Anorexia is a physical disorder and not purely psychological, a study suggests.
A study of more than 72,500 people has identified eight gene mutations linked to the eating disorder.
Scientists say anorexia is a metabolic disorder which happens when a chemical reaction in the body is not working properly.
Such disorders can be genetic such as Type 1 diabetes or triggered by diet or lifestyle such as Type 2 diabetes.
The landmark study published in the journal Nature Genetics may lead to the development of treatments to tackle the physical root of the condition.
Anorexia affects up to one in 50 women and has the highest mortality rate of any psychiatric illness.
Lead author Dr Gerome Breen, a neuroscientist at King’s College London, said: “Metabolic abnormalities seen in patients with anorexia nervosa are most often attributed to starvation.

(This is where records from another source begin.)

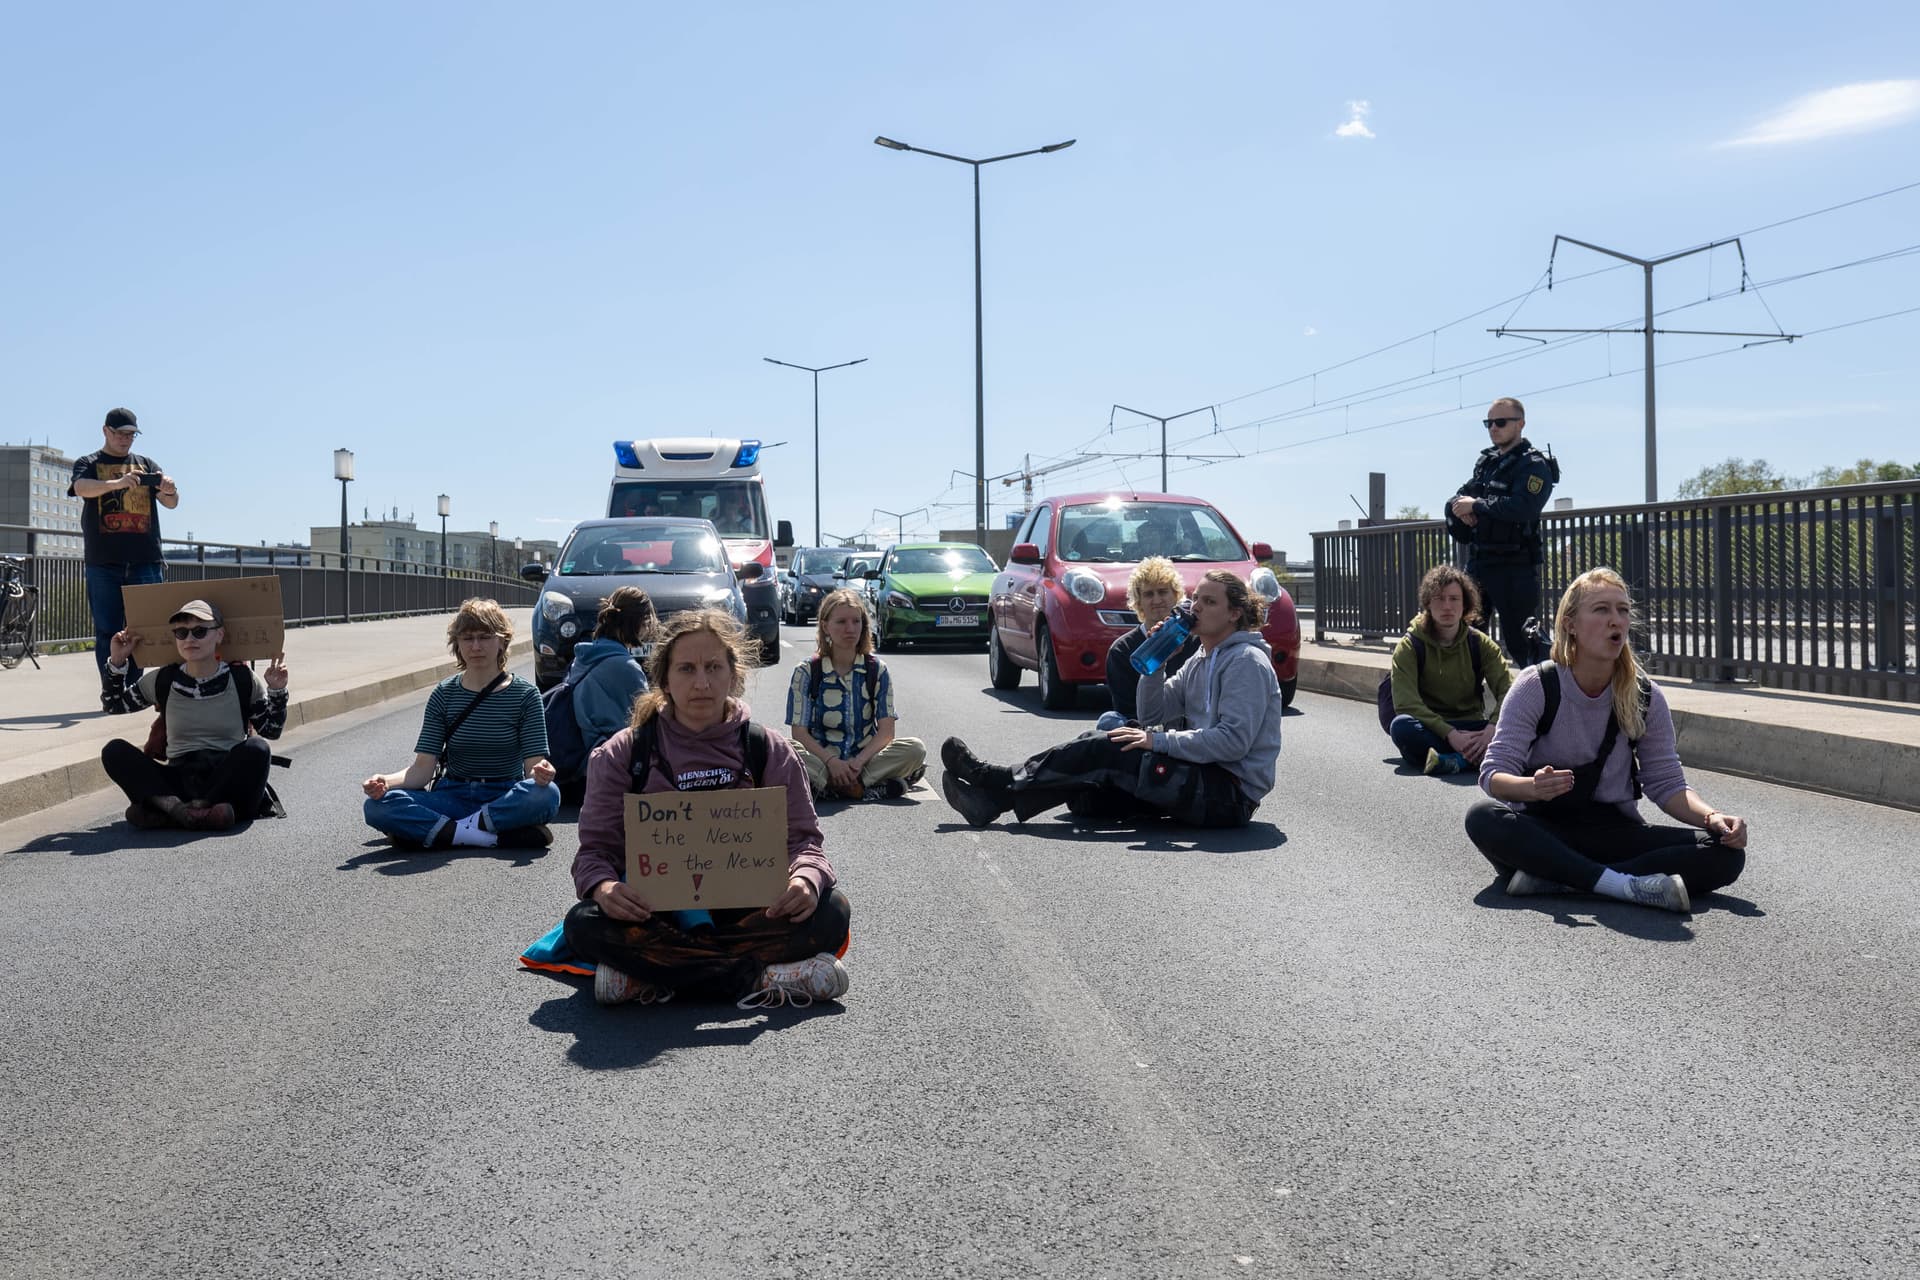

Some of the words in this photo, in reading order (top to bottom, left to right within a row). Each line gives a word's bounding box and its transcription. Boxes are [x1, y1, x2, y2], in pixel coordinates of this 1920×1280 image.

[678, 779, 717, 790] GEGEN
[719, 773, 734, 784] ÖL
[638, 801, 693, 822] Don't
[709, 801, 761, 820] watch
[652, 828, 685, 846] the
[706, 827, 753, 844] News
[638, 853, 669, 877] Be
[682, 853, 713, 871] the
[726, 852, 776, 870] News

“But our study shows metabolic differences may also contribute to the development of the disorder.
“Our analyses indicate the metabolic factors may play nearly or just as strong a role as purely psychiatric effects.”
Anorexia mainly effects young people during adolescence. It can last for decades for more than half of those afflicted.
Sufferers have a powerful fear of weight gain and have a distorted view of their own body image.
The international team analysed complete DNA of 16,992 patients and 55,525 healthy controls from 17 countries in the US, Europe and Australasia.
Some anorexics restrict caloric consumption to fewer than 400 calories per day, which is less than a quarter of what is typically recommended for adolescents.
Patients may quickly become emaciated and lose more than 25% of their typical body weight.
This rapid weight loss can lead to cardiac and brain changes, bone disease and in some cases death.